What the exercise asks:
Take every record and write it out again exactly, with no images included.

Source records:
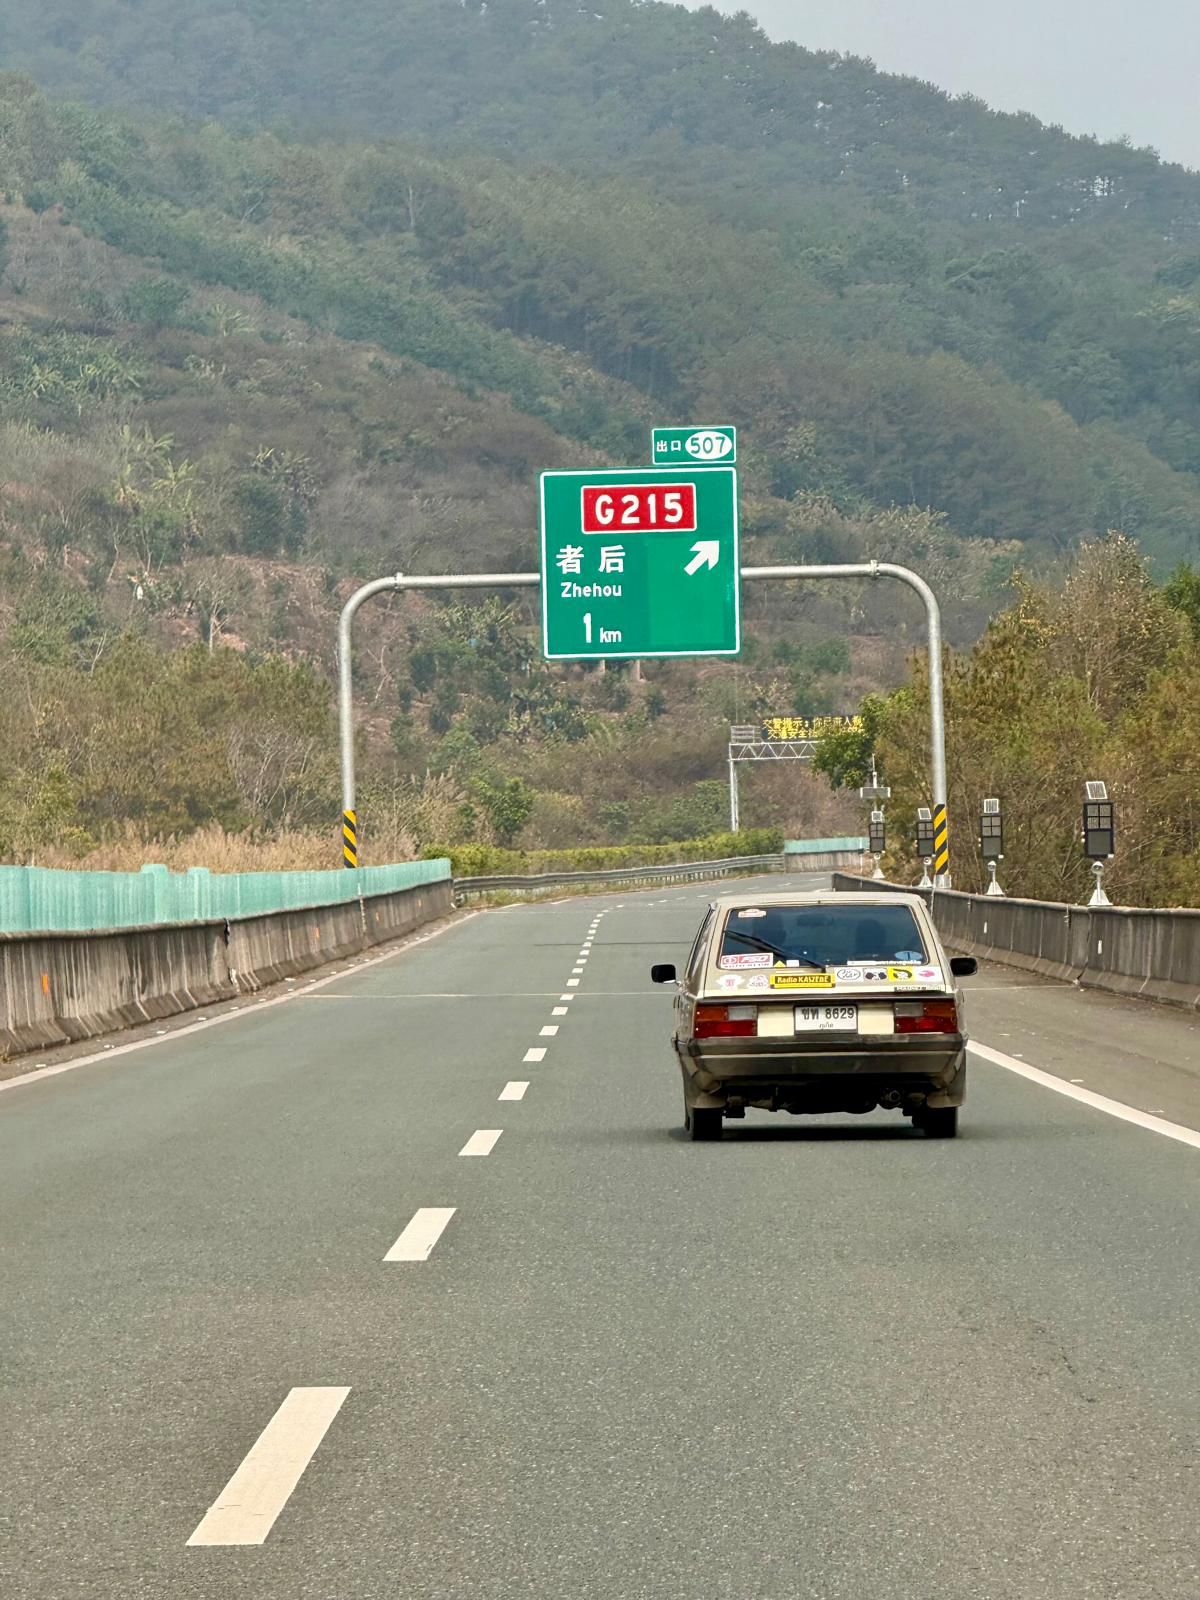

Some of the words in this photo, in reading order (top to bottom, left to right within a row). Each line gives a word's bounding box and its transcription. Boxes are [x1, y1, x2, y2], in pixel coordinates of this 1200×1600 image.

[656, 439, 681, 453] 出口
[690, 436, 726, 454] 507
[595, 492, 683, 525] G215
[555, 544, 626, 574] 者后
[560, 581, 622, 598] Zhehou
[583, 612, 592, 644] 1
[599, 627, 622, 643] km
[777, 976, 798, 984] Radio
[825, 1007, 855, 1020] 8629
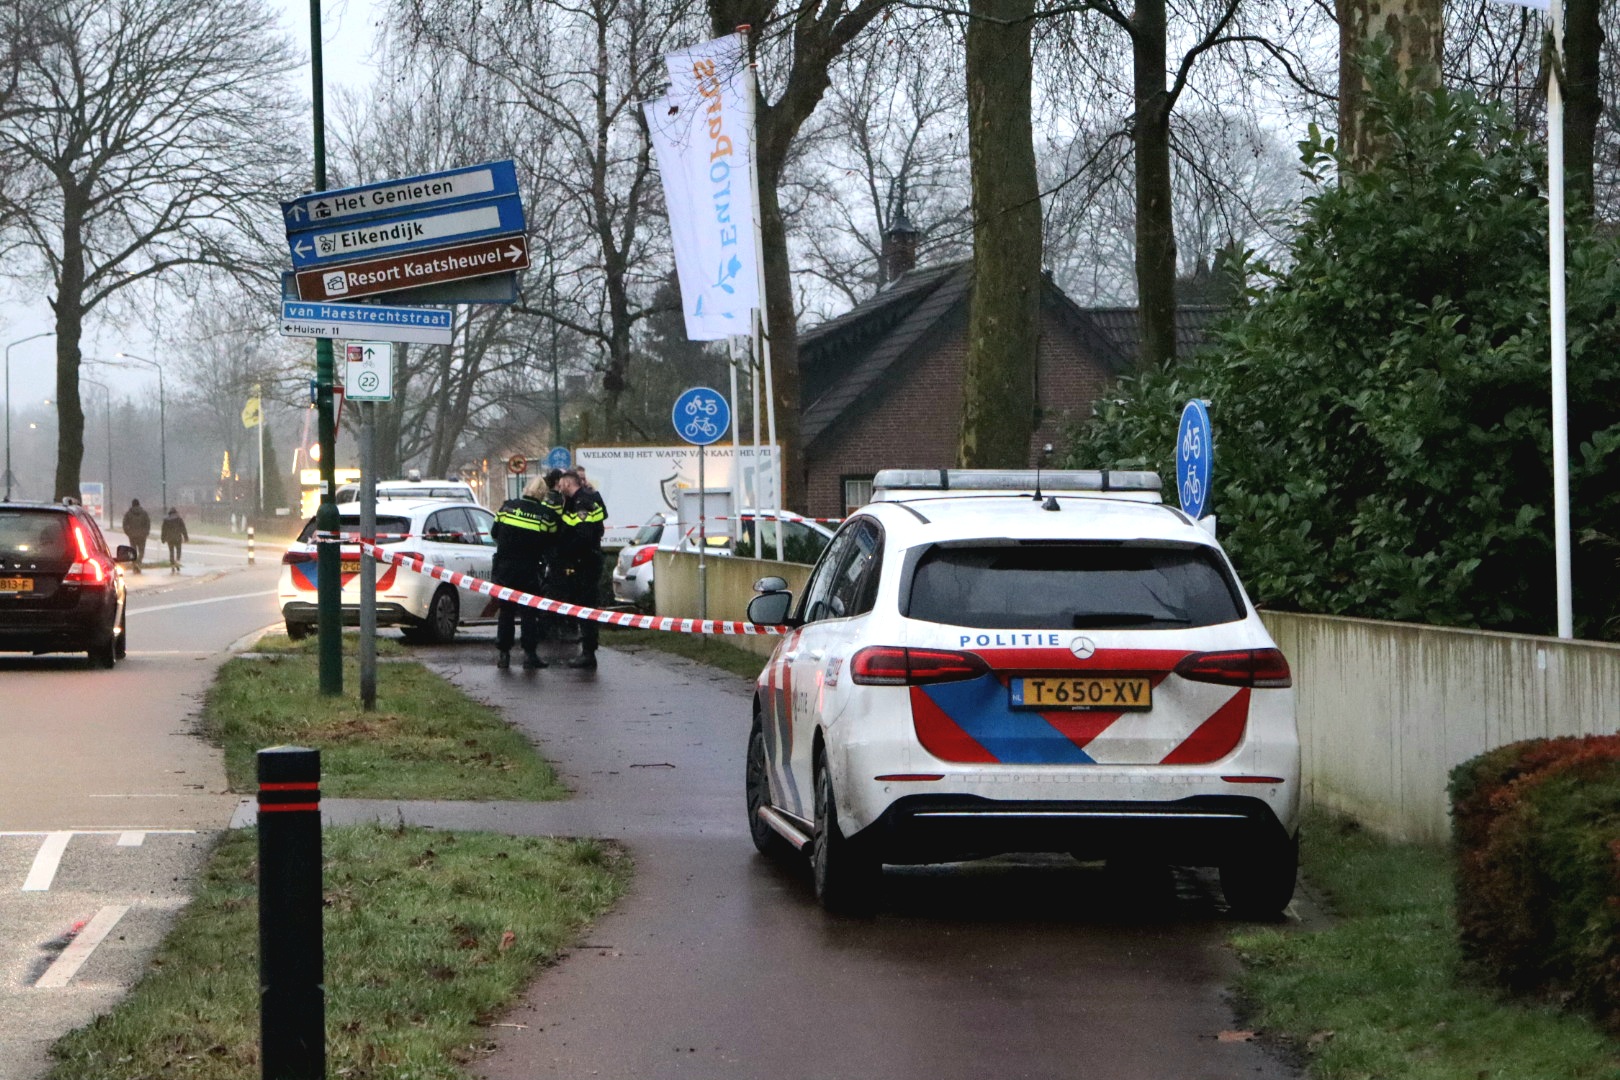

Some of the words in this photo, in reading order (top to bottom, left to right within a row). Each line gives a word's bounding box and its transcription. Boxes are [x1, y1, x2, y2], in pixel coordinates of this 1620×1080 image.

[335, 193, 363, 212] Het
[372, 180, 453, 205] Genieten
[341, 222, 424, 248] Eikendijk
[347, 266, 400, 287] Resort
[404, 248, 501, 279] Kaatsheuvel
[289, 306, 313, 317] van
[321, 307, 445, 325] Haestrechtstraat
[293, 325, 327, 335] Huisnr.
[332, 327, 339, 335] 11
[362, 377, 376, 387] 22
[583, 451, 621, 459] WELKOM
[623, 451, 635, 459] BIJ
[655, 450, 687, 458] WAPEN
[960, 633, 1060, 647] POLITIE
[1032, 681, 1143, 703] T-650-XV
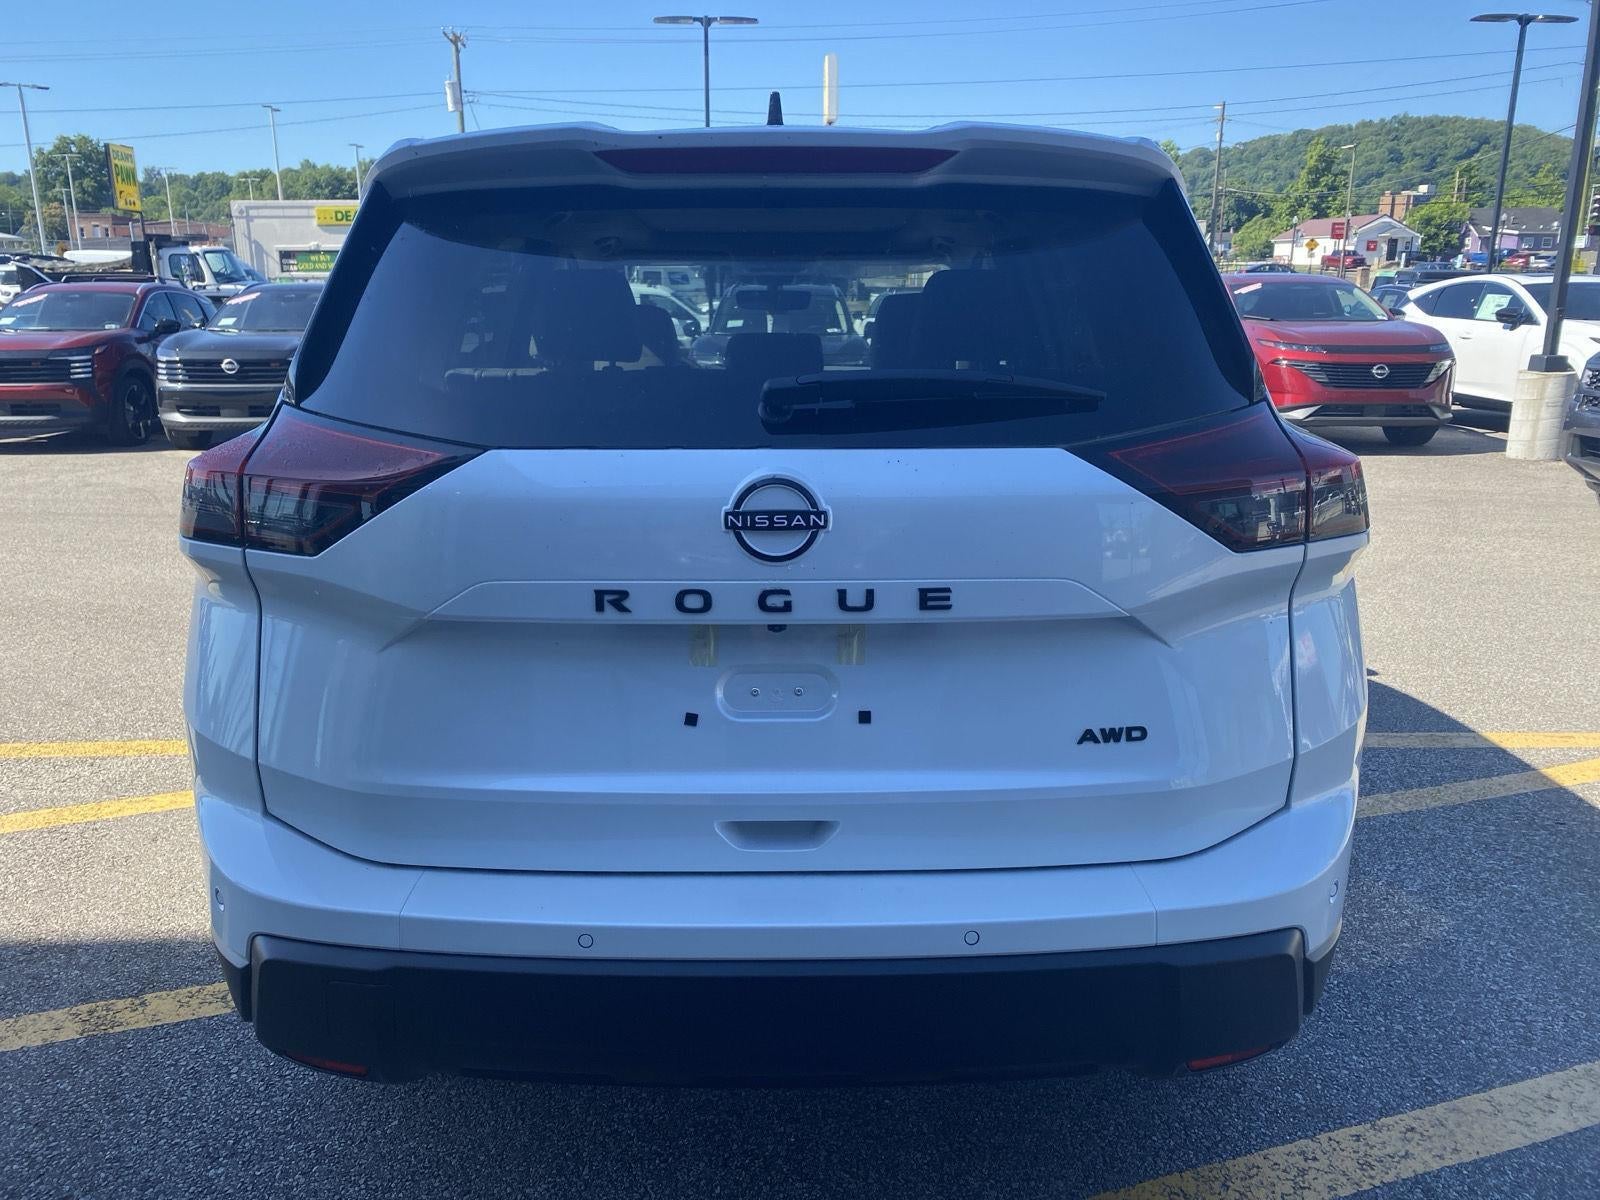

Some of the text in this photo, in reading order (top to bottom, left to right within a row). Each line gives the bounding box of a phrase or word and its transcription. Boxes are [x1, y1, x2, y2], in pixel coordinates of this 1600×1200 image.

[114, 163, 136, 187] PAWN
[728, 514, 825, 527] NISSAN
[594, 587, 953, 613] ROGUE
[1077, 725, 1149, 745] AWD

Result below:
Some of the words in this photo, in reading order (top to bottom, left to right within a row). Each line gives a word's bounding box and its transcription. Boxes are [x1, y1, x2, y2], in pixel coordinates of this 1200×1600 image.

[656, 439, 681, 453] 出口
[690, 436, 726, 454] 507
[595, 492, 683, 525] G215
[555, 544, 626, 574] 者后
[560, 581, 622, 598] Zhehou
[583, 612, 592, 644] 1
[599, 627, 622, 643] km
[777, 976, 798, 984] Radio
[825, 1007, 855, 1020] 8629

Some of the words in this photo, in reading order (top to bottom, left to right within a row). Each line gives a word's bounding box and its transcription. Boxes are [x1, y1, x2, y2], in pixel coordinates of this 1620×1080 image.

[335, 193, 363, 212] Het
[372, 180, 453, 205] Genieten
[341, 222, 424, 248] Eikendijk
[347, 266, 400, 287] Resort
[404, 248, 501, 279] Kaatsheuvel
[289, 306, 313, 317] van
[321, 307, 445, 325] Haestrechtstraat
[293, 325, 327, 335] Huisnr.
[332, 327, 339, 335] 11
[362, 377, 376, 387] 22
[583, 451, 621, 459] WELKOM
[623, 451, 635, 459] BIJ
[655, 450, 687, 458] WAPEN
[960, 633, 1060, 647] POLITIE
[1032, 681, 1143, 703] T-650-XV

Some of the text in this photo, in reading order (top to bottom, left to right within a row). Each line gives the bounding box of a phrase or word and its transcription. Boxes are [x1, y1, x2, y2], in pixel coordinates of this 1600×1200 image.

[114, 163, 136, 187] PAWN
[728, 514, 825, 527] NISSAN
[594, 587, 953, 613] ROGUE
[1077, 725, 1149, 745] AWD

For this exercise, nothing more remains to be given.